ENTRIES PROVIDED:
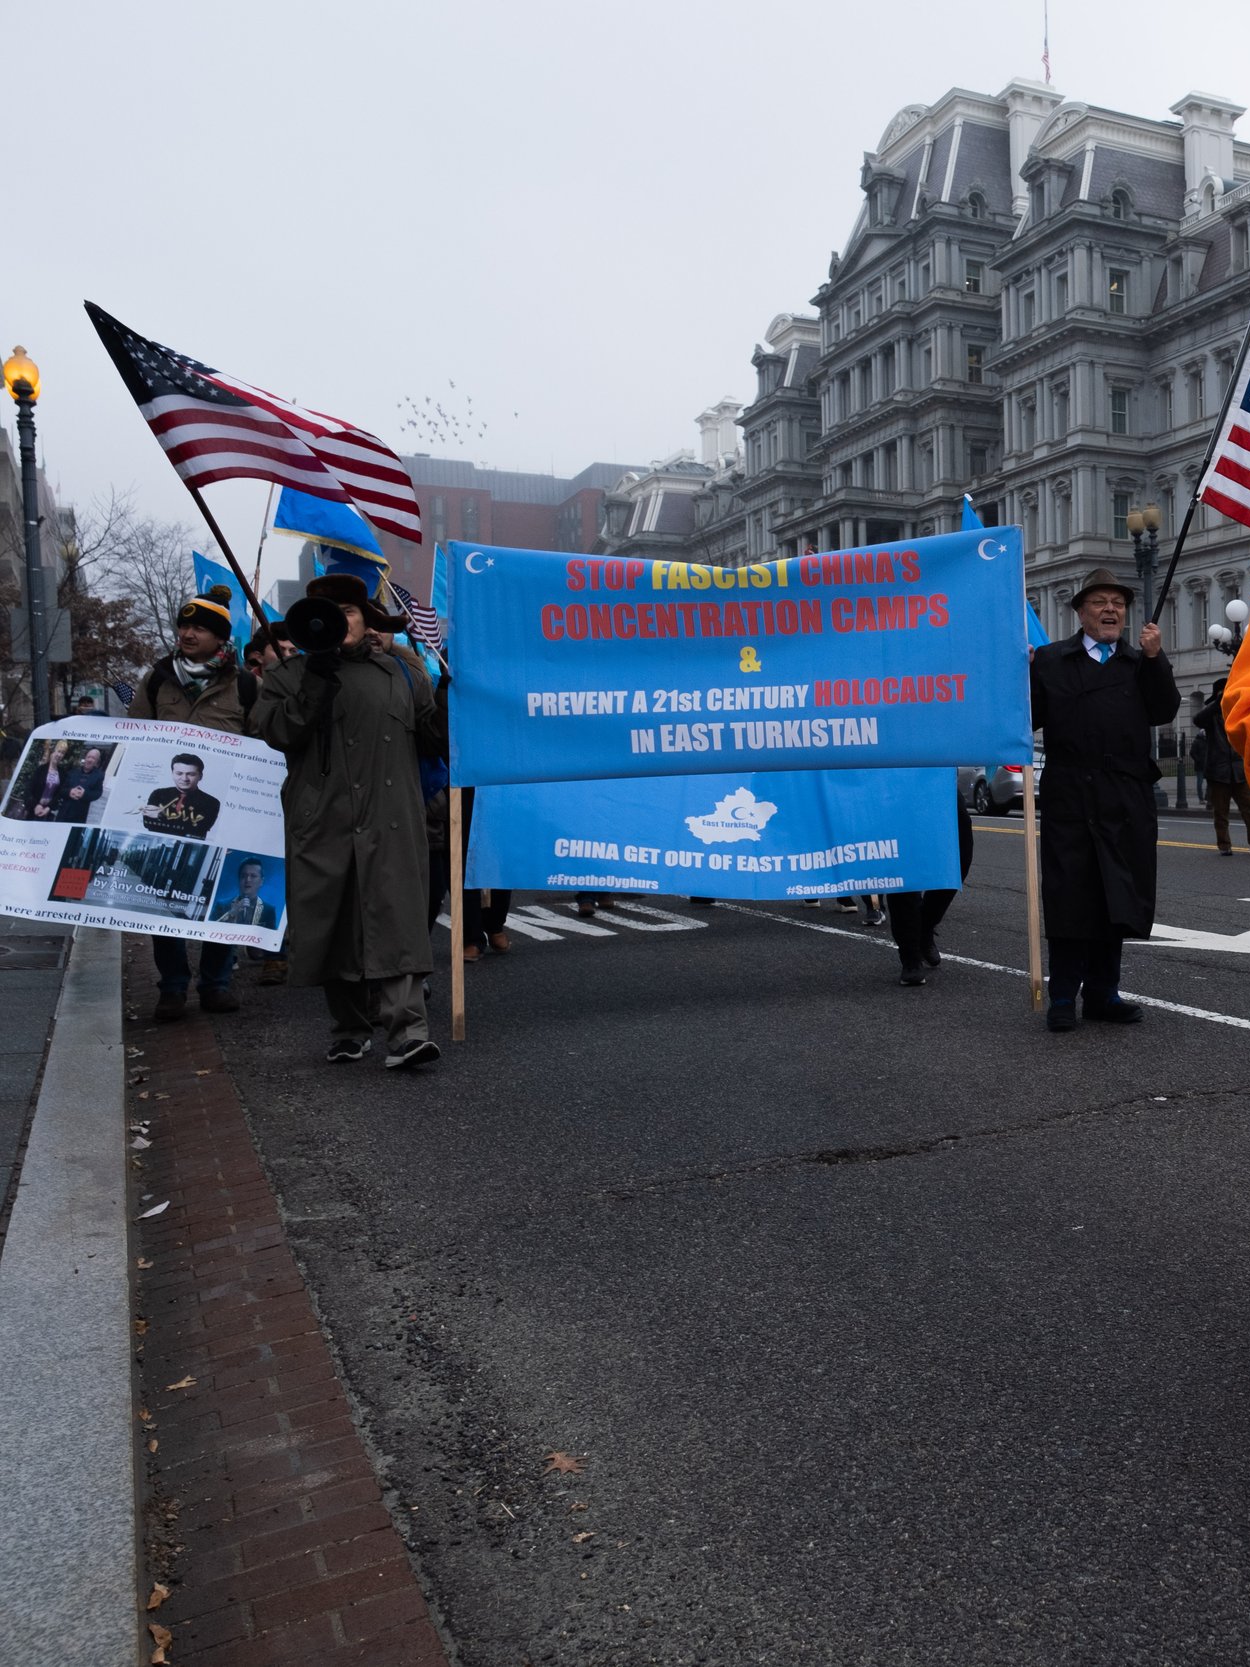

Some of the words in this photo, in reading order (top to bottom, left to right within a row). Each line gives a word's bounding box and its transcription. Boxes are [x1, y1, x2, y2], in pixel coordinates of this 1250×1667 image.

[566, 559, 644, 591] STOP
[652, 559, 793, 589] FASCIST
[542, 599, 822, 640] CONCENTRATION
[831, 593, 949, 633] CAMPS
[740, 646, 761, 672] &
[528, 691, 627, 715] PREVENT
[632, 691, 647, 712] A
[653, 690, 701, 712] 21st
[707, 685, 808, 710] CENTURY
[814, 674, 967, 706] HOLOCAUST
[153, 724, 179, 733] STOP
[632, 730, 654, 752] IN
[661, 723, 724, 752] EAST
[731, 718, 877, 749] TURKISTAN
[62, 730, 88, 739] Release
[103, 734, 130, 742] parents
[146, 736, 174, 744] brother
[176, 739, 196, 748] from
[198, 743, 211, 751] the
[212, 747, 267, 764] concentration
[233, 772, 243, 780] My
[246, 775, 265, 784] father
[225, 801, 236, 809] My
[238, 804, 262, 814] brother
[702, 819, 719, 827] East
[721, 820, 758, 830] Turkistan
[19, 851, 47, 860] PEACE
[554, 839, 619, 861] CHINA
[625, 846, 660, 864] GET
[665, 851, 704, 867] OUT
[709, 854, 731, 869] OF
[737, 856, 783, 872] EAST
[787, 839, 899, 871] TURKISTAN!
[96, 865, 105, 875] A
[107, 868, 128, 878] Jail
[93, 878, 107, 889] by
[110, 881, 132, 893] Any
[135, 884, 170, 898] Other
[171, 890, 207, 904] Name
[548, 874, 659, 890] #FreetheUyghurs
[786, 877, 903, 897] #SaveEastTurkistan
[5, 905, 33, 915] were
[35, 909, 81, 921] arrested
[83, 913, 106, 925] just
[109, 916, 156, 932] because
[158, 925, 184, 936] they
[186, 930, 206, 938] are
[209, 931, 263, 944] UYGHURS

TASK DETAILS:
From the records above, show each line that contains the word "brother".

OUTPUT OF THE TASK:
[146, 736, 174, 744] brother
[238, 804, 262, 814] brother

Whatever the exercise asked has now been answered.